(Stored data entries)
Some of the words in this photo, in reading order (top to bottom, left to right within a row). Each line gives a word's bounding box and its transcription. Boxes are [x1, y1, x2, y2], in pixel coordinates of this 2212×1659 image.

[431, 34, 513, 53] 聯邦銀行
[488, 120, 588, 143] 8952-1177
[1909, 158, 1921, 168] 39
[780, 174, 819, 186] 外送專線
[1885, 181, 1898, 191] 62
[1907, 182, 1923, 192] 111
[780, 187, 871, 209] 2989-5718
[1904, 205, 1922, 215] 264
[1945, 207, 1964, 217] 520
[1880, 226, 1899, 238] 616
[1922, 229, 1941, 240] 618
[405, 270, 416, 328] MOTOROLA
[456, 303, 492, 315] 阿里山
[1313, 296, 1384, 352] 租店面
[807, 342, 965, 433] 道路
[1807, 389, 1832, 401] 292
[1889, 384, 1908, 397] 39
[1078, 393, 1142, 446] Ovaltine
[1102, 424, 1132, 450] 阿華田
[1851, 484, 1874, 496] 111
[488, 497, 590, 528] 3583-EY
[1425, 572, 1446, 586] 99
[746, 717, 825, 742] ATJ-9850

DESCRIPTION OF THE TASK: Restate the data above word for word, omitting nothing.

EXERCISE SOLUTION:
Some of the words in this photo, in reading order (top to bottom, left to right within a row). Each line gives a word's bounding box and its transcription. Boxes are [x1, y1, x2, y2], in pixel coordinates of this 2212×1659 image.

[431, 34, 513, 53] 聯邦銀行
[488, 120, 588, 143] 8952-1177
[1909, 158, 1921, 168] 39
[780, 174, 819, 186] 外送專線
[1885, 181, 1898, 191] 62
[1907, 182, 1923, 192] 111
[780, 187, 871, 209] 2989-5718
[1904, 205, 1922, 215] 264
[1945, 207, 1964, 217] 520
[1880, 226, 1899, 238] 616
[1922, 229, 1941, 240] 618
[405, 270, 416, 328] MOTOROLA
[456, 303, 492, 315] 阿里山
[1313, 296, 1384, 352] 租店面
[807, 342, 965, 433] 道路
[1807, 389, 1832, 401] 292
[1889, 384, 1908, 397] 39
[1078, 393, 1142, 446] Ovaltine
[1102, 424, 1132, 450] 阿華田
[1851, 484, 1874, 496] 111
[488, 497, 590, 528] 3583-EY
[1425, 572, 1446, 586] 99
[746, 717, 825, 742] ATJ-9850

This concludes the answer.